Kael didn't start his new life with a prayer. He started it with a snarl.
He sat on the cold, damp floorboards of the cabin, clutching his chest where a phantom heart attack still echoed. His vision swam with the memories of two lives—one of a corporate drone who died hating his kin, and one of a noble heir who died fearing his.
"You bastards," he hissed, his voice cracking. He wasn't talking to the Truman family. Not yet. He was looking at the ceiling, addressing whatever cosmic entities had plucked his soul from a modern hospital bed and shoved it into this decaying meat-suit.
"Of all the people. Of all the worlds. You drop me here?"
He waited. He stayed silent, bracing for the chime of a system notification, the glow of a status screen, or the booming voice of a 'Grand Sage' offering him a legendary sword. He wanted a 'Golden Finger'—some reality-breaking cheat to tip the scales.
A minute passed. The only sound was the rhythmic, sickly thwack of waves against the cabin's stilts.
"No system? No starter pack? Nothing?" Kael let out a harsh, jagged laugh. "Figures. Even the gods are as useless as my old man."
The thought of his new father—Duke Alistair Von Truman—brought a surge of bile to his throat. The memories were vivid: the Duke's face, as expressionless as a tombstone, as he signed the decree of banishment. He hadn't just kicked Kael out; he'd sent him here to be seasoned like a piece of meat.
"You wanted a sacrifice, didn't you, 'Father'?" Kael spat the word like a piece of gristle. "You ruined this name, you ruined this body, and you sent me to this hellhole to wait for the reaper. Rot in whatever hell this world offers. I hope the shadows eat you first."
Kael struggled to his feet, his legs shaking. He crossed the room to the window, the wood groaning under his boots. He peeled back the salt-crusted curtain, and the breath hitched in his throat.
The sea wasn't water. It was a churning, leaden soup of oily currents and bioluminescent rot. The fog didn't just obscure the horizon; it felt like a living membrane, pressing against the glass.
He stared out at the dark expanse, his paranoia—the one trait that had survived the transmigration intact—spiking into red-alert territory.

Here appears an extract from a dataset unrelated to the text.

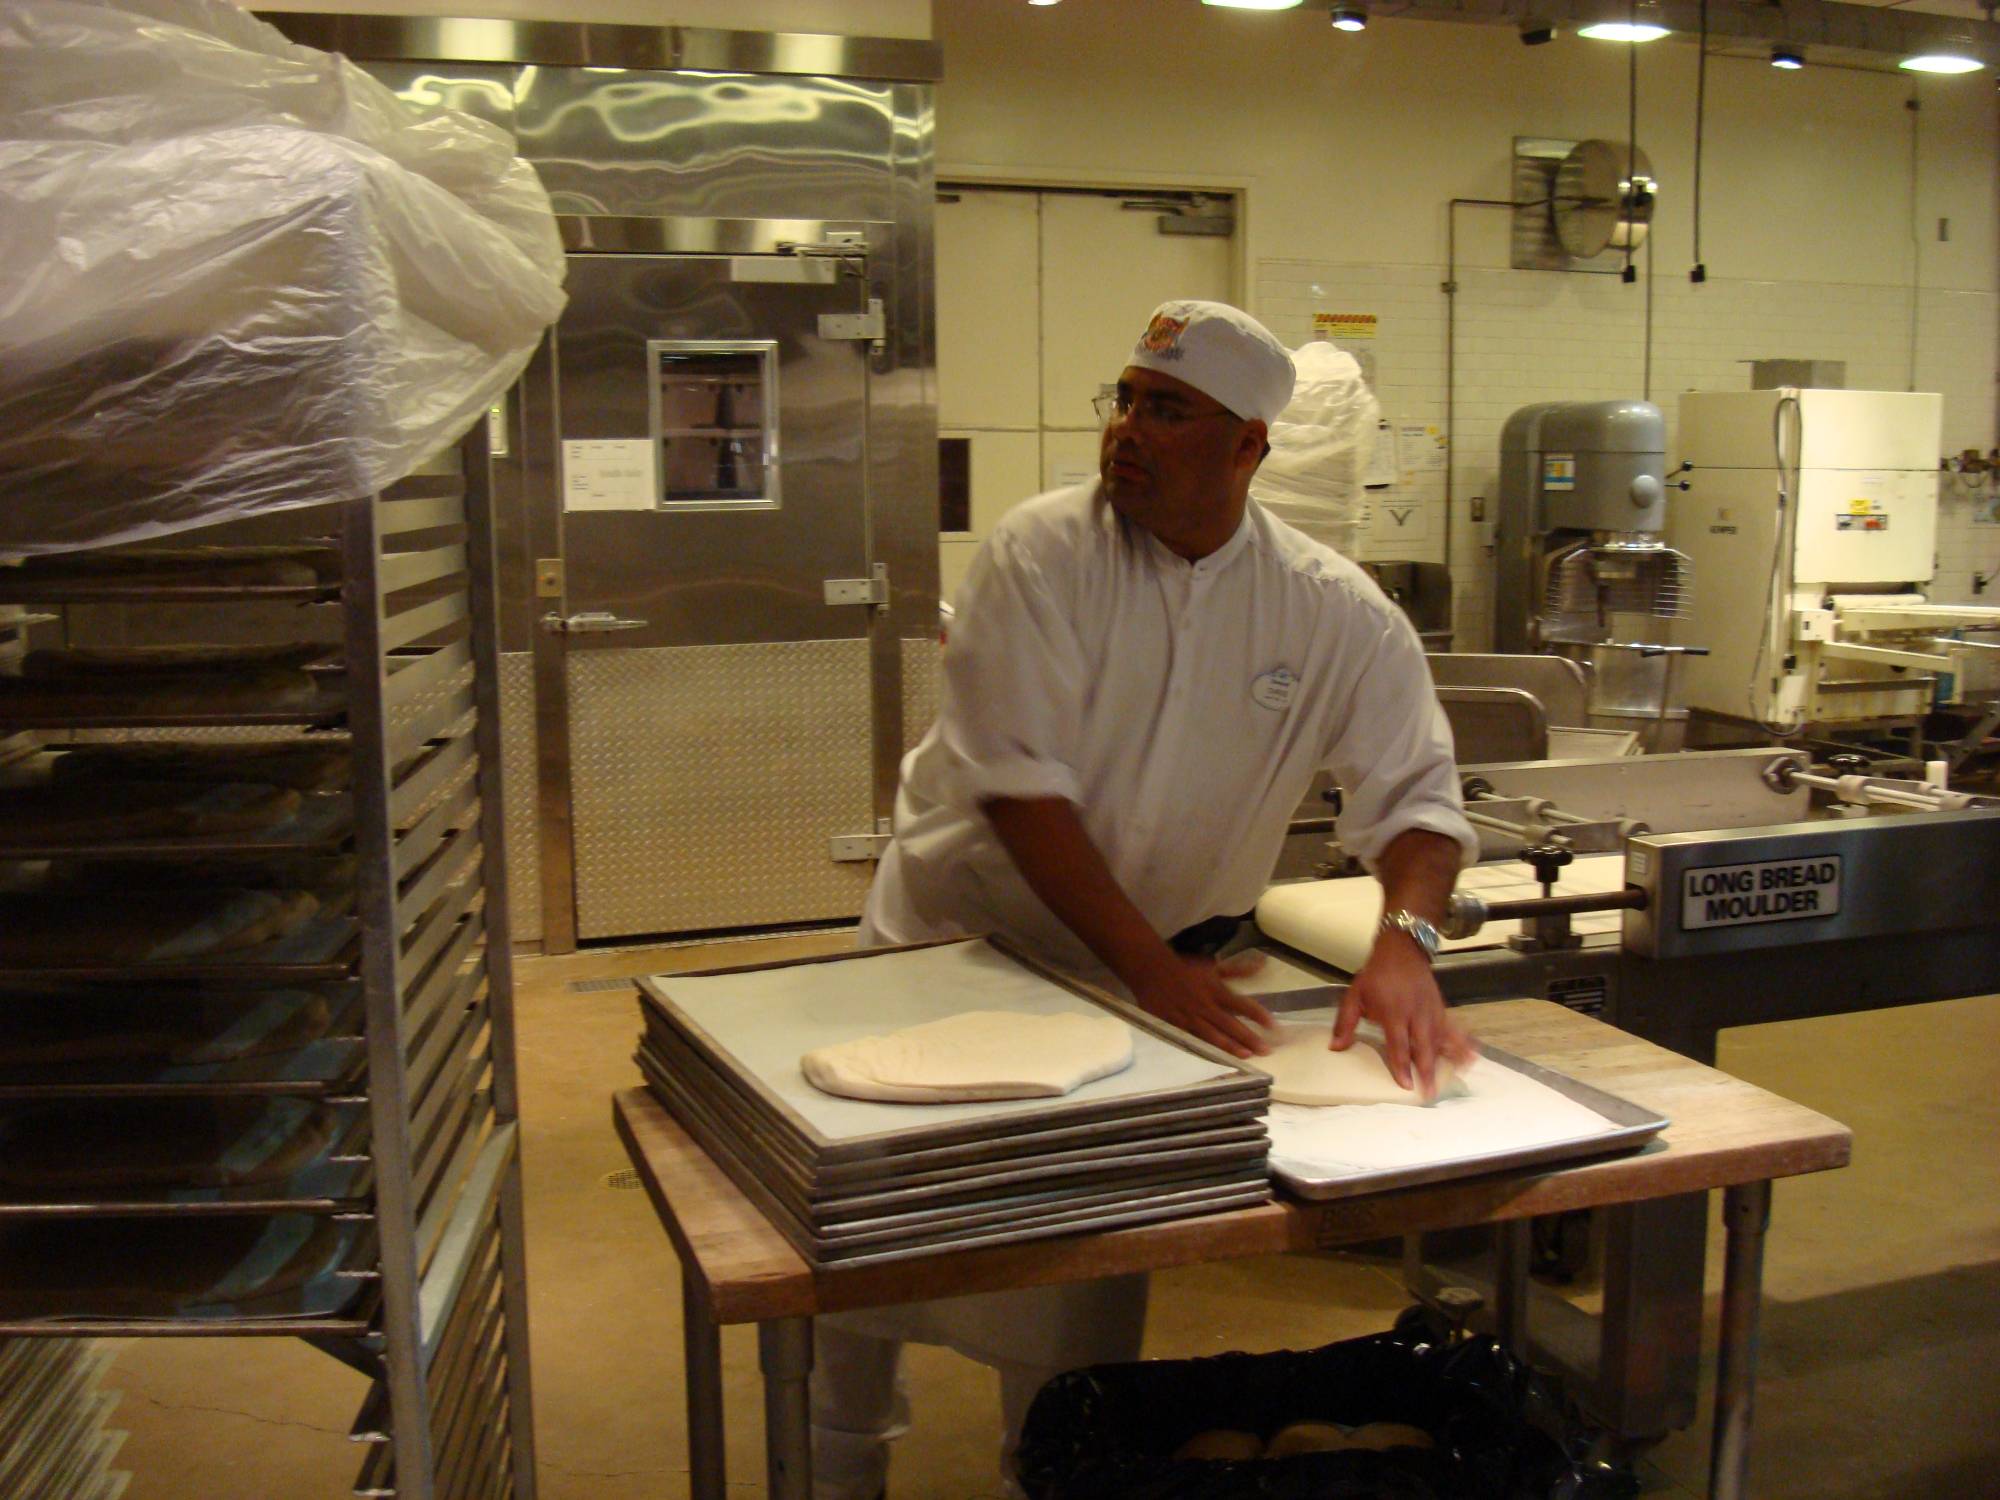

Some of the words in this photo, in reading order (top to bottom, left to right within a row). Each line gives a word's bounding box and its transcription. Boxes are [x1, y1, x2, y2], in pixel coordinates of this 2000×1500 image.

[1689, 871, 1754, 897] LONG
[1760, 863, 1836, 890] BREAD
[1706, 890, 1819, 921] MOULDER

"He's out there," Kael whispered to the empty room.
He didn't know if it was Cthulhu, Dagon, or some nameless, many-angled god of the Truman lineage, but he could feel the pressure of a Gaze. Something massive was resting beneath those lightless waves, waiting for him to slip, waiting for his sanity to fray so it could pour its filth into his mind.
In this world, pollution wasn't about smoke and oil. It was about Existence. To be seen by the sea was to be stained by it.
"I see you," Kael muttered, his eyes narrowing as he backed away from the window, locking the heavy iron latch with a trembling hand. "But you're going to have to wait. I've survived one life of bullshit; I'm not letting a giant squid have my marrow without a fight."
He retreated to the corner of the room, the farthest point from both the door and the window. He didn't have a Golden Finger. He didn't have a hero's destiny.
All Kael Von Truman had was a soul full of spite and a mind that didn't trust the shadows. In a world of eldritch horrors, that might just be the most dangerous weapon of all.